(Data records begins)

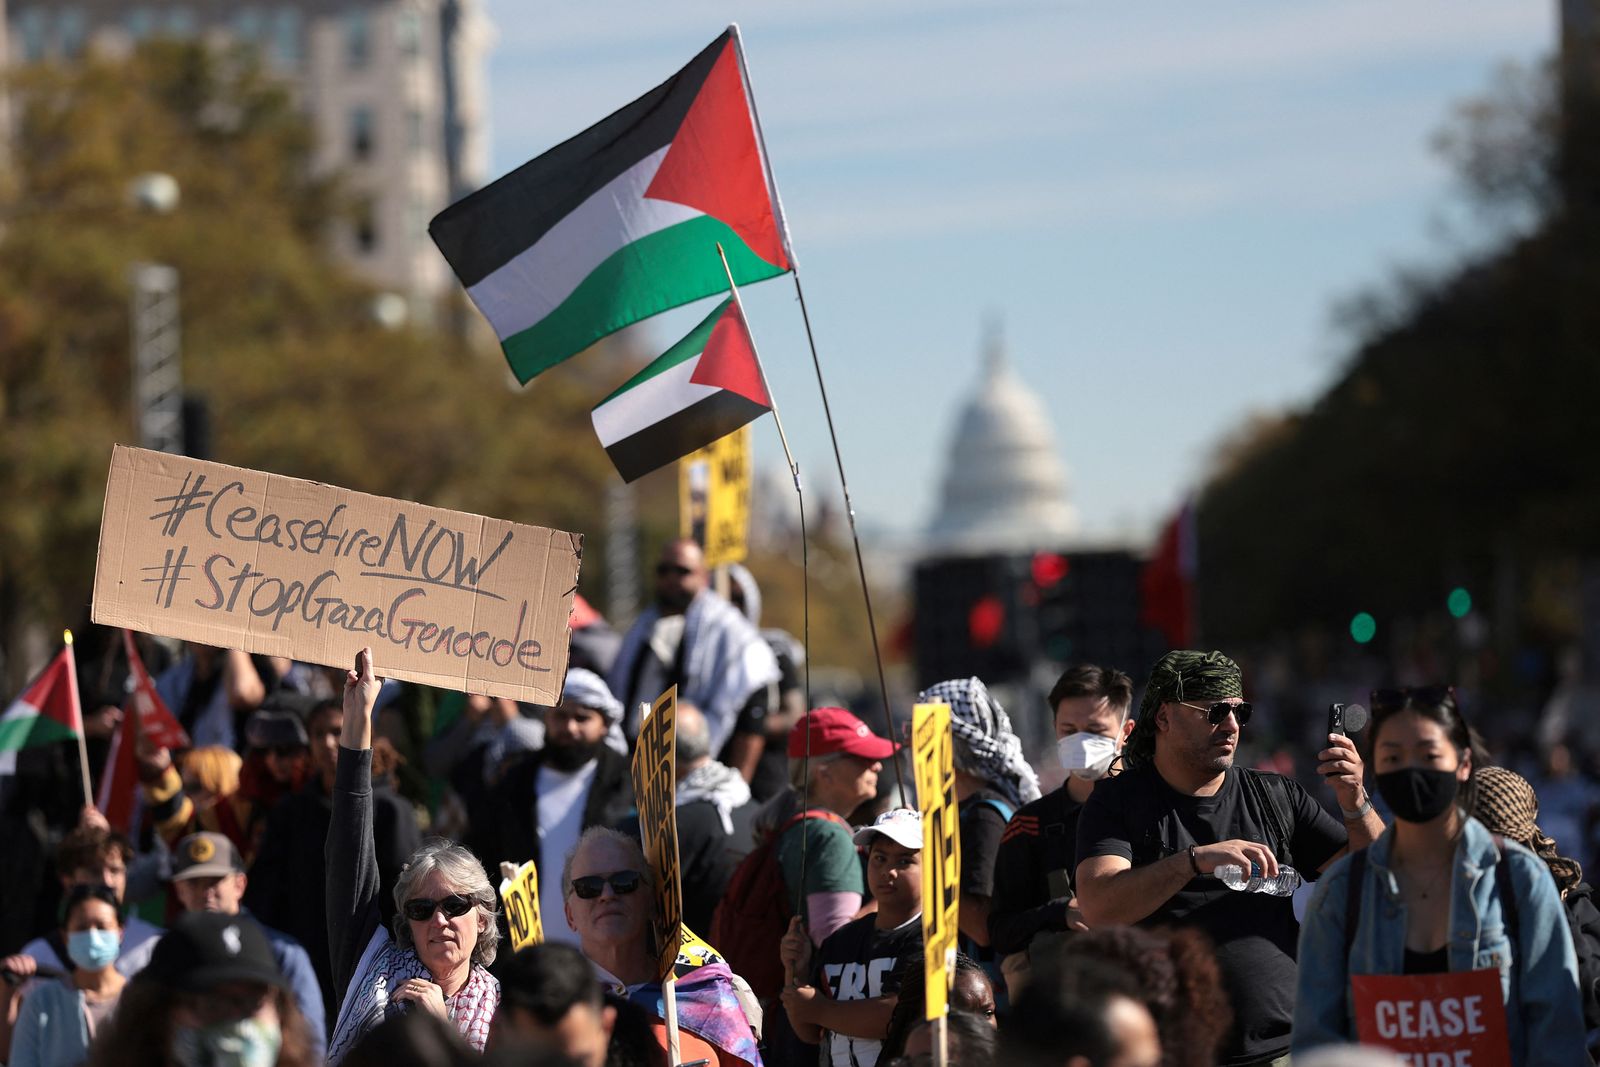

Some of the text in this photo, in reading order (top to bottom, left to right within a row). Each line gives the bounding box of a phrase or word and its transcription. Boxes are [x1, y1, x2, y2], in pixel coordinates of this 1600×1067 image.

[150, 471, 513, 586] #CeasefireNOW
[140, 545, 552, 673] #StopGazaGenocide
[643, 696, 672, 782] THE
[644, 760, 673, 848] WAR
[660, 821, 677, 879] ON
[823, 957, 898, 1001] FRE
[1375, 995, 1486, 1039] CEASE

(Data records ends)

• **The problem**: The answer should hold every line of the listing, copied exactly, with no pictures.

• **Task response**:
Some of the text in this photo, in reading order (top to bottom, left to right within a row). Each line gives the bounding box of a phrase or word and its transcription. Boxes are [x1, y1, x2, y2], in pixel coordinates of this 1600×1067 image.

[150, 471, 513, 586] #CeasefireNOW
[140, 545, 552, 673] #StopGazaGenocide
[643, 696, 672, 782] THE
[644, 760, 673, 848] WAR
[660, 821, 677, 879] ON
[823, 957, 898, 1001] FRE
[1375, 995, 1486, 1039] CEASE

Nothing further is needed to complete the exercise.